» **Task objective**
In your output, repeat each entry exactly and include no pictures.
Information supplied below:
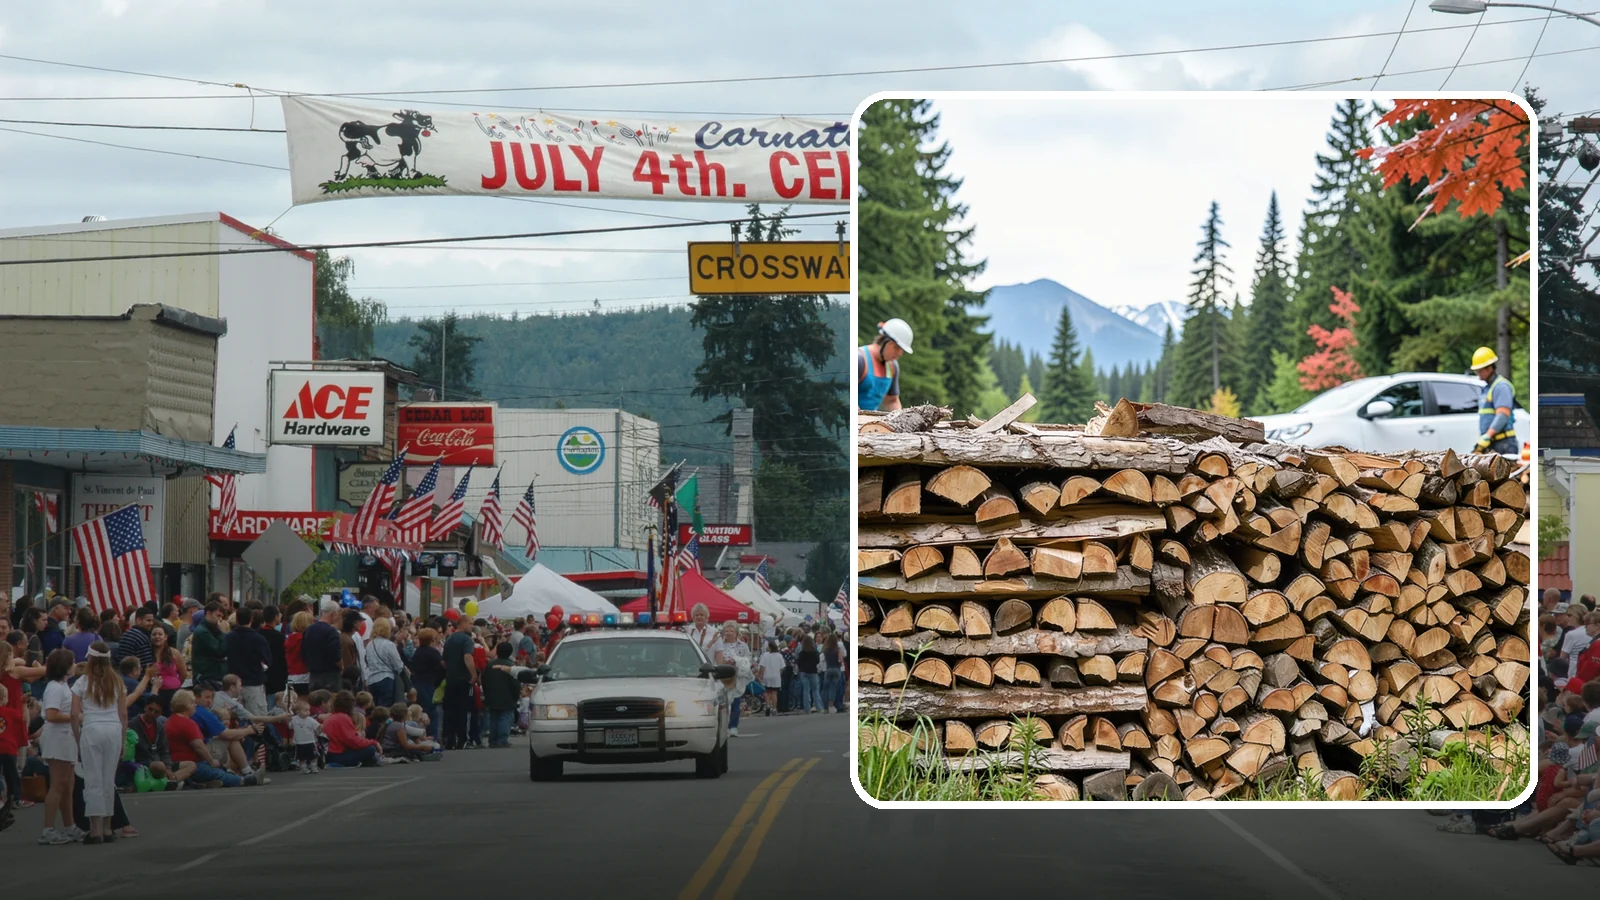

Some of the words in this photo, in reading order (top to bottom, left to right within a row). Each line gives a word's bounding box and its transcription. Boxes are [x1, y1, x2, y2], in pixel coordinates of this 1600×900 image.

[481, 141, 605, 193] JULY
[633, 150, 746, 198] 4th.
[697, 254, 850, 280] CROSSWA
[282, 380, 373, 420] ACE
[405, 409, 452, 422] CEDAR
[461, 409, 485, 422] LOG
[283, 421, 370, 437] Hardware
[353, 466, 386, 480] Simpl
[83, 484, 94, 494] St.
[95, 485, 124, 495] Vincent
[126, 485, 136, 495] de
[137, 485, 155, 496] Paul
[212, 516, 331, 535] HARDARE
[688, 526, 741, 535] CRNATION
[699, 535, 730, 544] GLASS
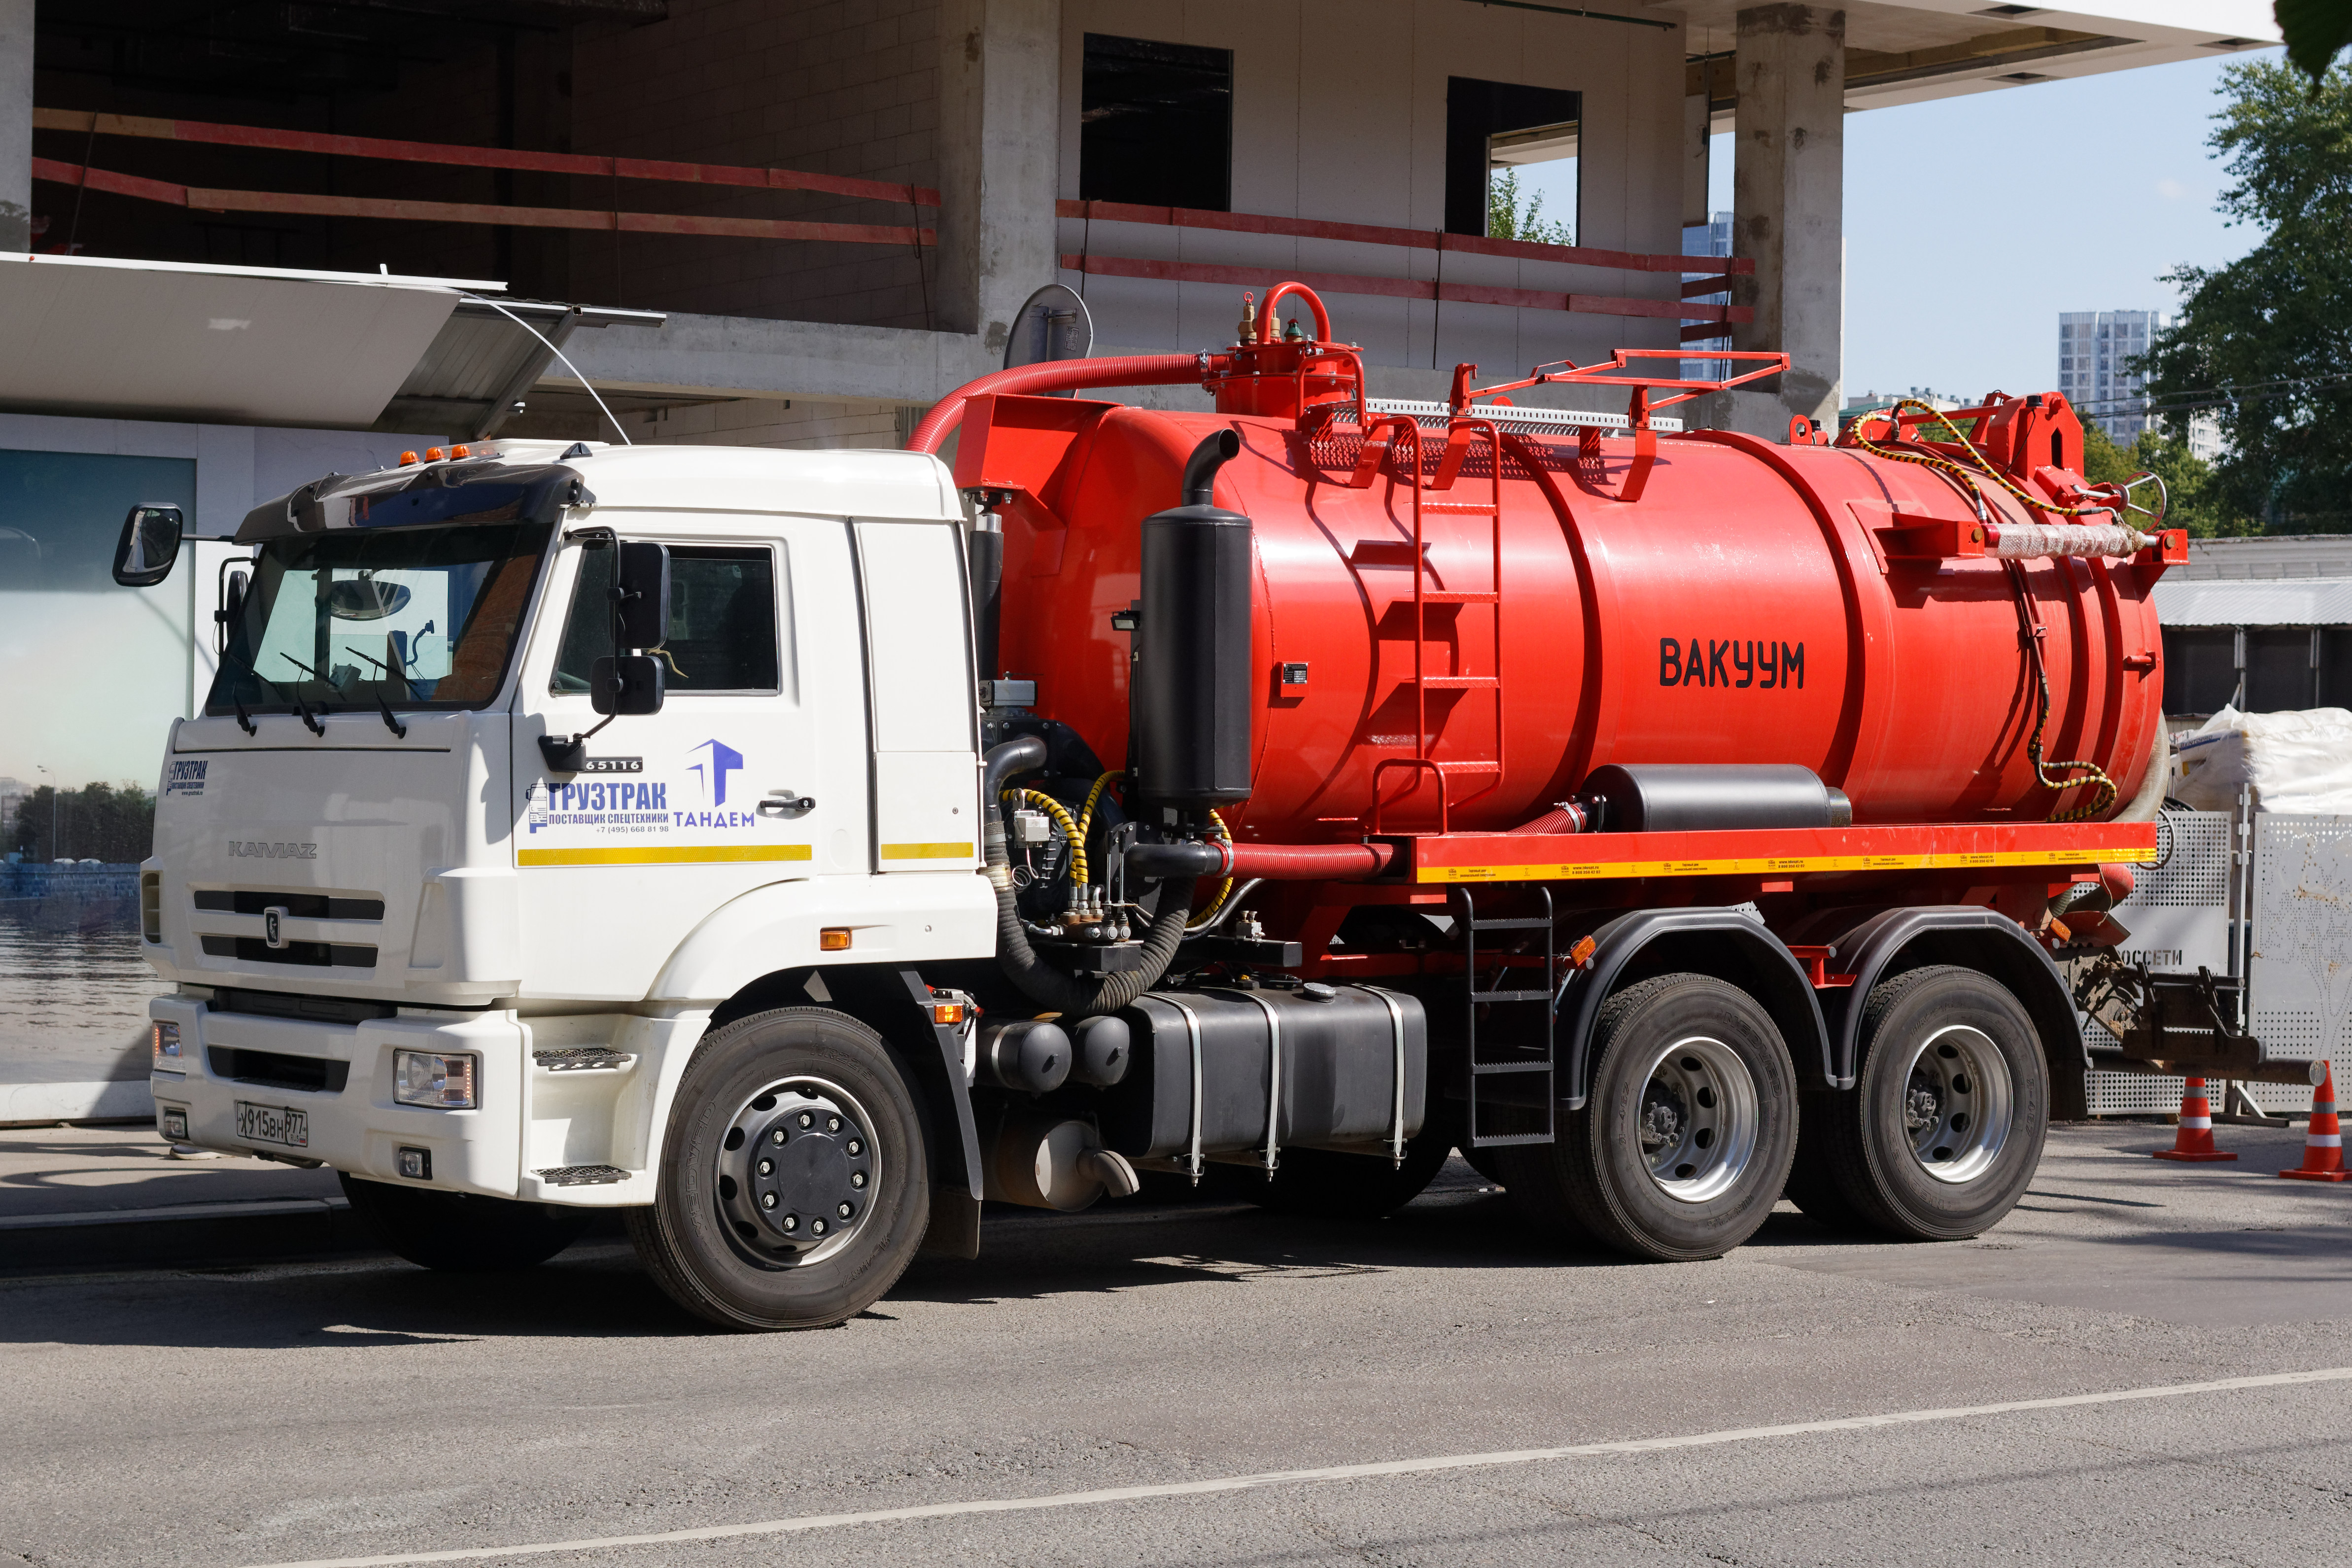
End of Information supplied.
» **Task response**
Some of the words in this photo, in reading order (top to bottom, left to right within a row). Each line gives a word's bounding box and its transcription. Boxes are [x1, y1, x2, y2], in pixel coordinates of this 1600×900 image.

[481, 141, 605, 193] JULY
[633, 150, 746, 198] 4th.
[697, 254, 850, 280] CROSSWA
[282, 380, 373, 420] ACE
[405, 409, 452, 422] CEDAR
[461, 409, 485, 422] LOG
[283, 421, 370, 437] Hardware
[353, 466, 386, 480] Simpl
[83, 484, 94, 494] St.
[95, 485, 124, 495] Vincent
[126, 485, 136, 495] de
[137, 485, 155, 496] Paul
[212, 516, 331, 535] HARDARE
[688, 526, 741, 535] CRNATION
[699, 535, 730, 544] GLASS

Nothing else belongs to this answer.